There’s nothing new about mobile phone photography and I never intended to be unique or groundbreaking. It is after all photographs of people on public transport, nothing new there. When I was last in London I photographed a girl on the tube, and when I was in France I photographed a guy on the train there. I simply wanted to produce a simple series of photos using a stress free camera. By that I mean without the issues normally associated with pointing a camera at a stranger.

Its an interesting time with iPhone based photography. A series of war photos shot in Afganistan by Damon Winter recently came third in the POYI competition. He also used Hipstamatic. He said he thought it was no different to selecting film and a camera to shoot with. Hipstmatic allows you to chose the film and lens to produce the final image. You take the shot and its processed accordingly. This differs to apps like Instagram where you chose the processing style after taking the photo. It does make you wonder about the validity of an iPhone photograph. Is it really any different to choosing film and a camera just because its an app? It’s an interesting debate and you can read more on the NYT site
and also on the excellent Duckrabbitblog.
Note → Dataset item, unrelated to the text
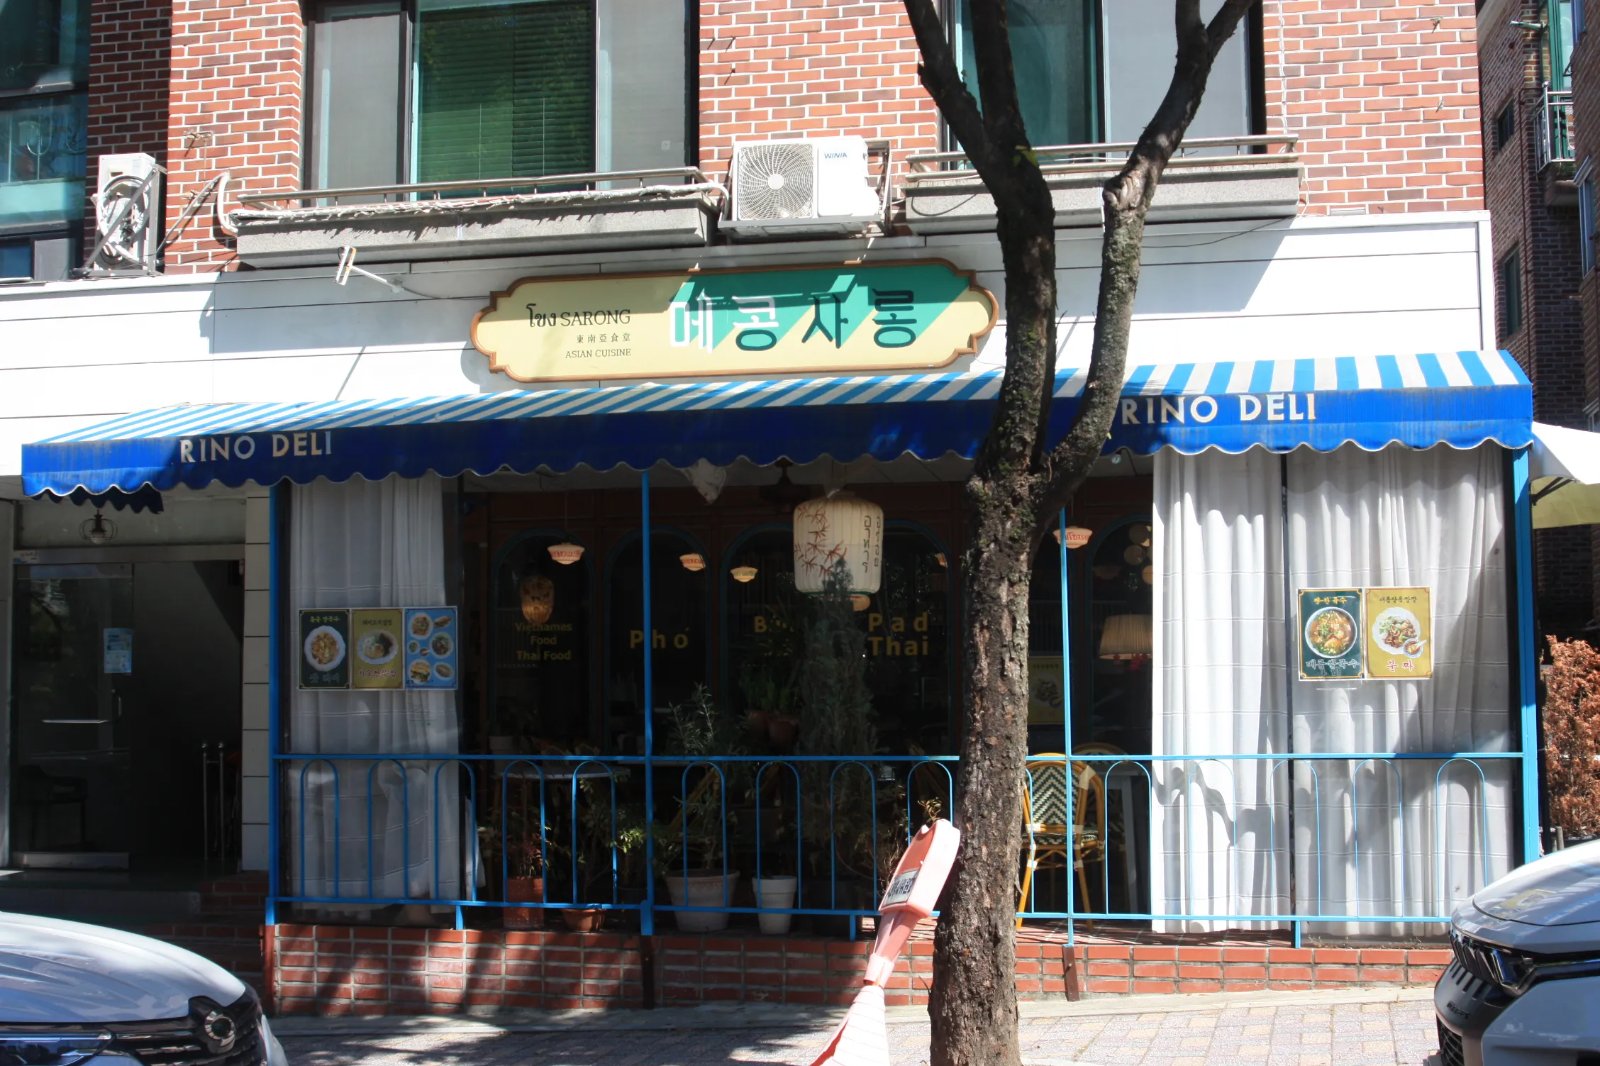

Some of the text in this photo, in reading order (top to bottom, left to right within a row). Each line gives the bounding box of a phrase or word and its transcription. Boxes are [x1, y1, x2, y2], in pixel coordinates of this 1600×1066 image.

Anyway, to my photos from the tube.

2 responses

  1. A great series of images – I really enjoyed seeing these. They capture those moments we see on almost any tube journey but are hard to photograph. I especially like the one of the woman putting on her glove and the guy looking between his legs. You wouldn’t have easily captured these with a conventional camera.

  2. I followed your link over from flickr. A fine series and interesting comments about the app and its implications.